Dizzee Rascal isn’t a rapper in the manner that most Americans would recognize. He’s British, and he sounds it. Although he’s clearly a student of U.S. hip-hop, nicking lines here and there from Snoop Dogg and the Diplomats, Dizzee’s thickly accented flow can be as inscrutable as it is mesmerizing. He sounds like he’s literally coughing up his words, keeping time to the irregular pulse of his mostly self-produced tracks–which evoke everything from clanging pots and pans (“Girls”) to Renaissance-themed video games (“Stand Up Tall”)–and the far more jagged rhythms of his complicated inner life. Still, at its core, Showtimeis a classic sophomore album in the hip-hop sense: puffy with bluster,brimming with indignation. On “Face,” Dizzee shits on the sycophants who ask him for dub plates and bemoans “smiling just for the sake of God knows what.” On “Knock, Knock,” which sounds like the lost twin of Clipse’s “Grindin’,” Dizzee revisits the attack he suffered just before the release of his debut, the Mercury Prize-winning Boy in Da Corner: “Five stab wounds,” he scoffs, a la 50 Cent, “helped me sell double.”

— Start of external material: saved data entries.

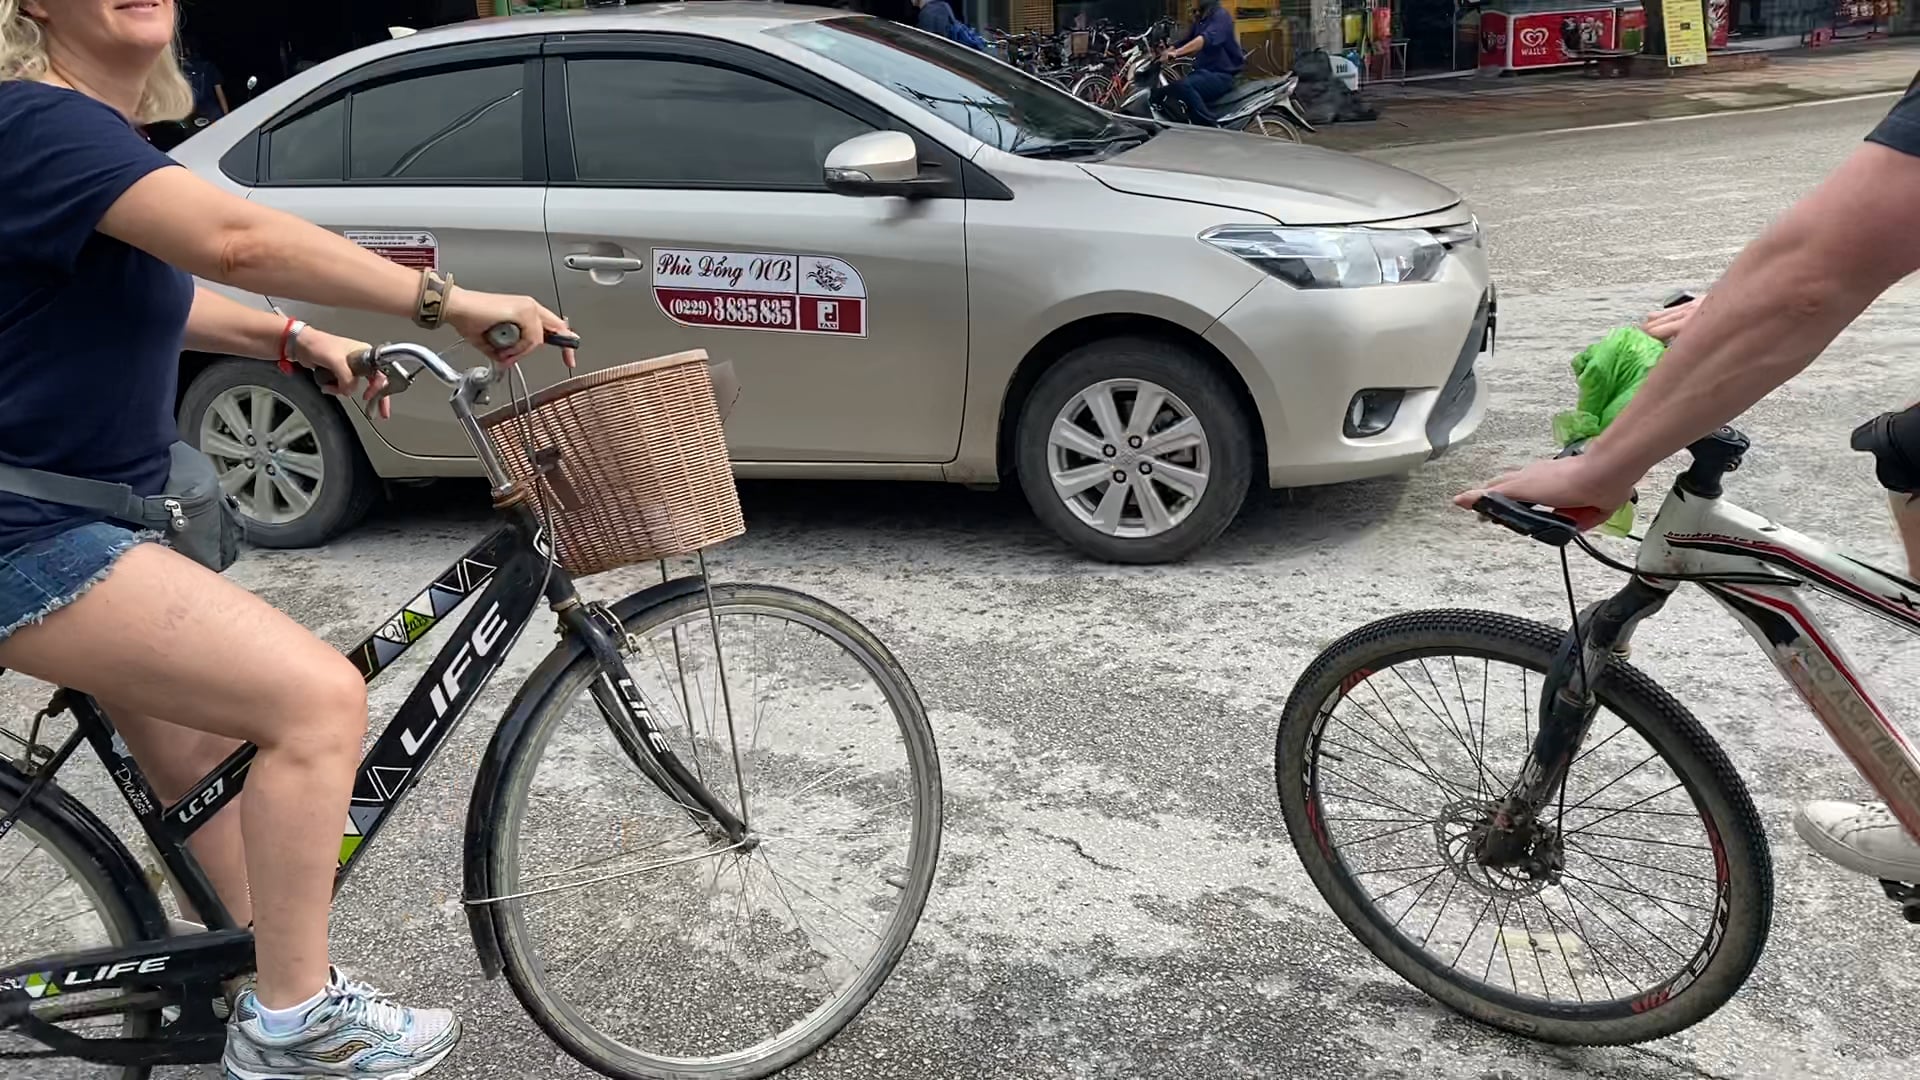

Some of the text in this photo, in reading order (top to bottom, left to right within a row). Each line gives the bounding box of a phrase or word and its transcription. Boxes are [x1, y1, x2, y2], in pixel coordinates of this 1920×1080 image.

[656, 253, 692, 276] Phù
[697, 255, 743, 287] Đổng
[669, 298, 712, 319] (0229)
[400, 601, 509, 757] LIFE
[617, 678, 672, 754] LIFE
[63, 956, 170, 986] LIFE

But where Fiddy and his brethren are all about mythologizing their ‘hoods, Dizzee nails the true cruelty of such places–their capacity to exact a toxic loyalty, even as their denizens tear each other down. On “Imagine,” he asks someone he left behind, “[Do] you love me for giving you some hope / Or resent me cause your pride got hurt?” Given that much of Showtime is delivered through a sniper’s crosshairs, Dizzee knows that question’s just rhetorical.